* Required action *
The expected output is the line with "this 2048×1365 image." followed by every remaining line of the entries, all repeated exactly.

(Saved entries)
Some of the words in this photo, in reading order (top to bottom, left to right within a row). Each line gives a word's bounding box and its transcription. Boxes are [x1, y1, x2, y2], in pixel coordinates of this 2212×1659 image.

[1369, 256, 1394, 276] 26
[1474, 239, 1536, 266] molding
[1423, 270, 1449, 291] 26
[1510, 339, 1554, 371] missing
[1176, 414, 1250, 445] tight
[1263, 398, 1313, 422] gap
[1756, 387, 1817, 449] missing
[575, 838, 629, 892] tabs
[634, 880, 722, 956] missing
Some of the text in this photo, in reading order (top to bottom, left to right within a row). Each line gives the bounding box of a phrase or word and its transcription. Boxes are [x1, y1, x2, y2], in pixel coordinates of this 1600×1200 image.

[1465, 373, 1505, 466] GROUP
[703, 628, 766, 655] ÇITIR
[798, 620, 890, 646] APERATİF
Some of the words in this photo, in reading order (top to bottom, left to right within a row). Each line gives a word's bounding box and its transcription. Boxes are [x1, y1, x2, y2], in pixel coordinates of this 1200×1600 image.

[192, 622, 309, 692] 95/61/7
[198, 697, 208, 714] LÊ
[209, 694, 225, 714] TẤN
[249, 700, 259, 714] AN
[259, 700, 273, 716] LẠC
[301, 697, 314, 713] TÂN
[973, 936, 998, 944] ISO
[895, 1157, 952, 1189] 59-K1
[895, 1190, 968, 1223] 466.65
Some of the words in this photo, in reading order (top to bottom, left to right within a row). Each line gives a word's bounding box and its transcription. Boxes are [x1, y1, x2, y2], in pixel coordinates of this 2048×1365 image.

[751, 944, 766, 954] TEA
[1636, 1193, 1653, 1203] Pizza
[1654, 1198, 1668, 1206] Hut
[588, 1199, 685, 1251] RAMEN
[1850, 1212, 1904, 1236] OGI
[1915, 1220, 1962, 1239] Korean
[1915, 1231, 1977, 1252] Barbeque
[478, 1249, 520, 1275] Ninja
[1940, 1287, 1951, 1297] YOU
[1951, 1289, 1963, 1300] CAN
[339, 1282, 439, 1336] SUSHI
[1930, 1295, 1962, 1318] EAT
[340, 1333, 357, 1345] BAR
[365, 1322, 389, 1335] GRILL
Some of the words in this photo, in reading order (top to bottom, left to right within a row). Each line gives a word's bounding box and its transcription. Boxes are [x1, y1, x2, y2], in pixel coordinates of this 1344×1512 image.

* Exercise response *
Some of the words in this photo, in reading order (top to bottom, left to right within a row). Each line gives a word's bounding box and its transcription. Boxes are [x1, y1, x2, y2], in pixel coordinates of this 2048×1365 image.

[751, 944, 766, 954] TEA
[1636, 1193, 1653, 1203] Pizza
[1654, 1198, 1668, 1206] Hut
[588, 1199, 685, 1251] RAMEN
[1850, 1212, 1904, 1236] OGI
[1915, 1220, 1962, 1239] Korean
[1915, 1231, 1977, 1252] Barbeque
[478, 1249, 520, 1275] Ninja
[1940, 1287, 1951, 1297] YOU
[1951, 1289, 1963, 1300] CAN
[339, 1282, 439, 1336] SUSHI
[1930, 1295, 1962, 1318] EAT
[340, 1333, 357, 1345] BAR
[365, 1322, 389, 1335] GRILL
Some of the words in this photo, in reading order (top to bottom, left to right within a row). Each line gives a word's bounding box and its transcription. Boxes are [x1, y1, x2, y2], in pixel coordinates of this 1344×1512 image.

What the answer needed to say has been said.